(Directions for this task)
Each line of the material below is to be written out exactly. Leave out any picture.
====================
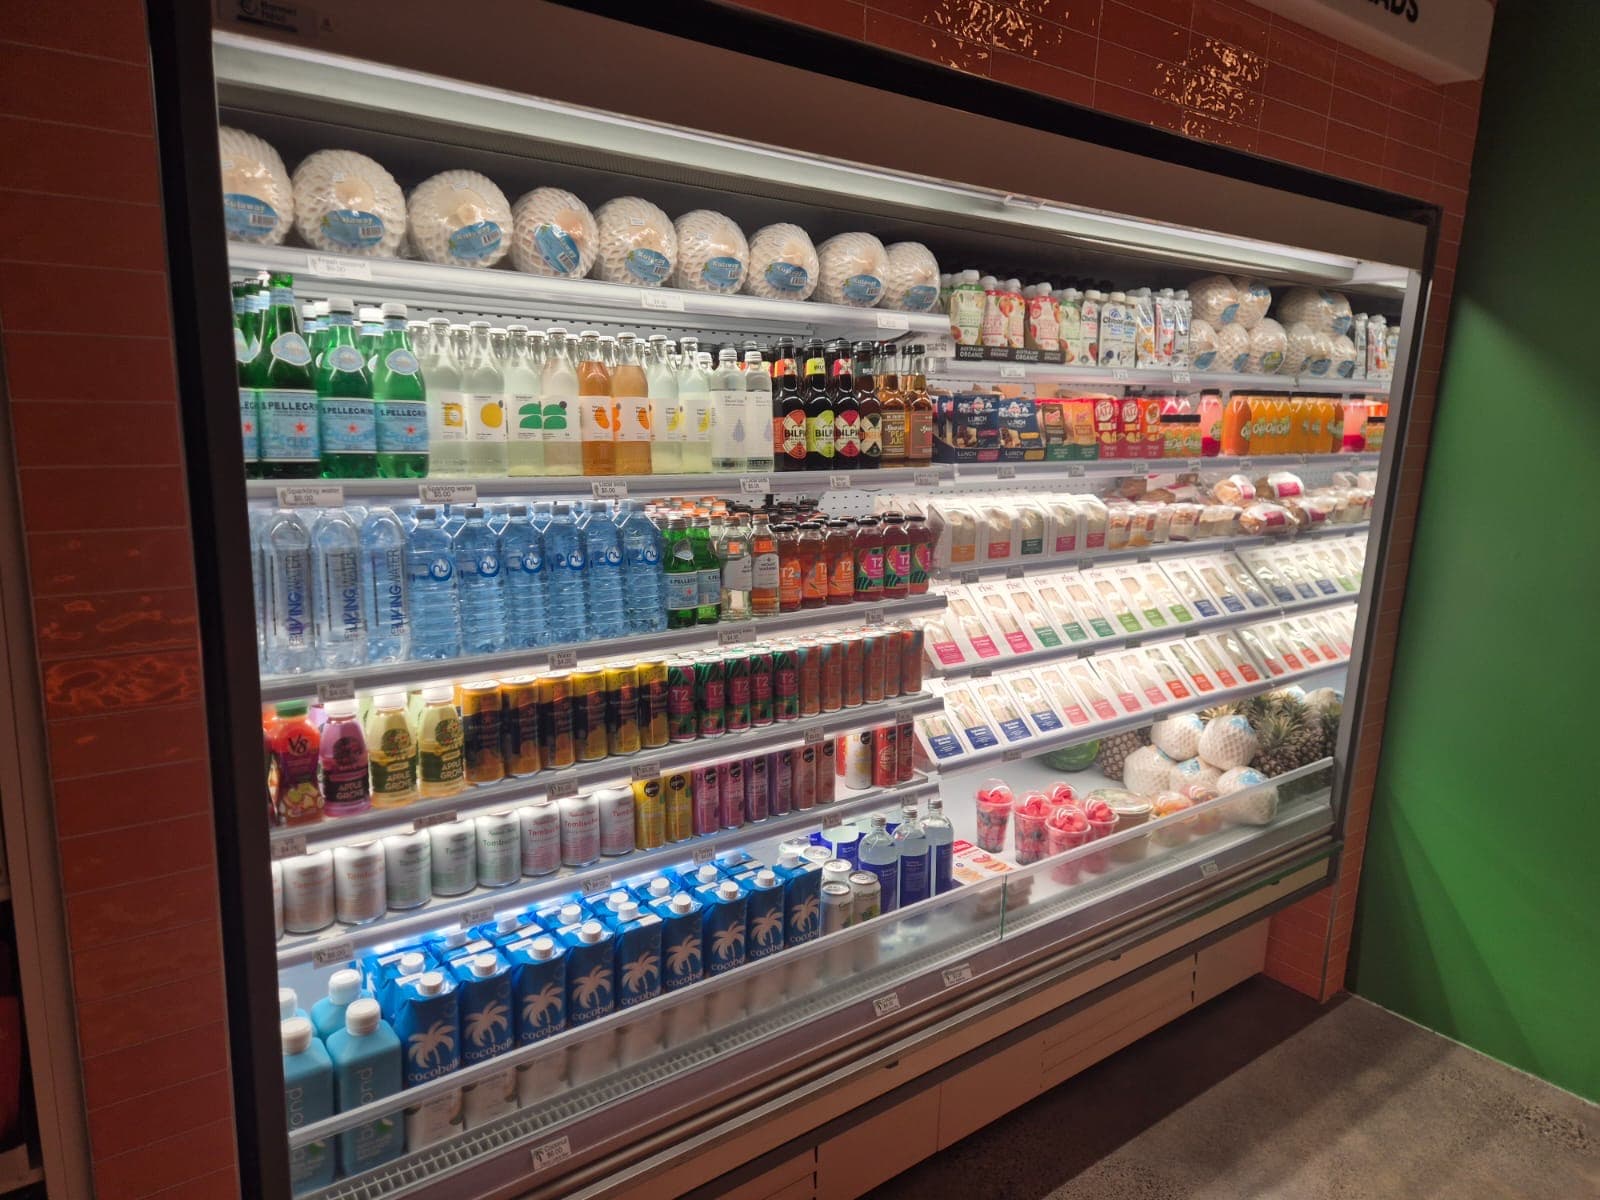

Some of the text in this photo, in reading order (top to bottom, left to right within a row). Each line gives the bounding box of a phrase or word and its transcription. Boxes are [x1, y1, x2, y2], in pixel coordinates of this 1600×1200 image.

[322, 407, 374, 416] S.PELLEGRIN
[380, 408, 427, 417] S.PELLEGRI
[836, 428, 859, 437] BILPI
[386, 549, 400, 582] WATER
[871, 557, 883, 568] T2
[899, 554, 909, 565] T2
[840, 561, 852, 571] T2
[780, 567, 794, 578] T2
[756, 675, 768, 687] T2
[781, 672, 794, 684] T2
[736, 680, 750, 692] T2
[672, 689, 689, 701] T2
[286, 736, 309, 754] V8
[666, 970, 703, 987] cocobel
[621, 985, 661, 1007] cocobel
[572, 999, 614, 1022] cocobell
[521, 1021, 565, 1041] cocobel
[464, 1037, 514, 1060] cocobell
[407, 1056, 461, 1083] cocobell
====================
(Answer area)
Some of the text in this photo, in reading order (top to bottom, left to right within a row). Each line gives the bounding box of a phrase or word and its transcription. Boxes are [x1, y1, x2, y2], in pixel coordinates of this 1600×1200 image.

[322, 407, 374, 416] S.PELLEGRIN
[380, 408, 427, 417] S.PELLEGRI
[836, 428, 859, 437] BILPI
[386, 549, 400, 582] WATER
[871, 557, 883, 568] T2
[899, 554, 909, 565] T2
[840, 561, 852, 571] T2
[780, 567, 794, 578] T2
[756, 675, 768, 687] T2
[781, 672, 794, 684] T2
[736, 680, 750, 692] T2
[672, 689, 689, 701] T2
[286, 736, 309, 754] V8
[666, 970, 703, 987] cocobel
[621, 985, 661, 1007] cocobel
[572, 999, 614, 1022] cocobell
[521, 1021, 565, 1041] cocobel
[464, 1037, 514, 1060] cocobell
[407, 1056, 461, 1083] cocobell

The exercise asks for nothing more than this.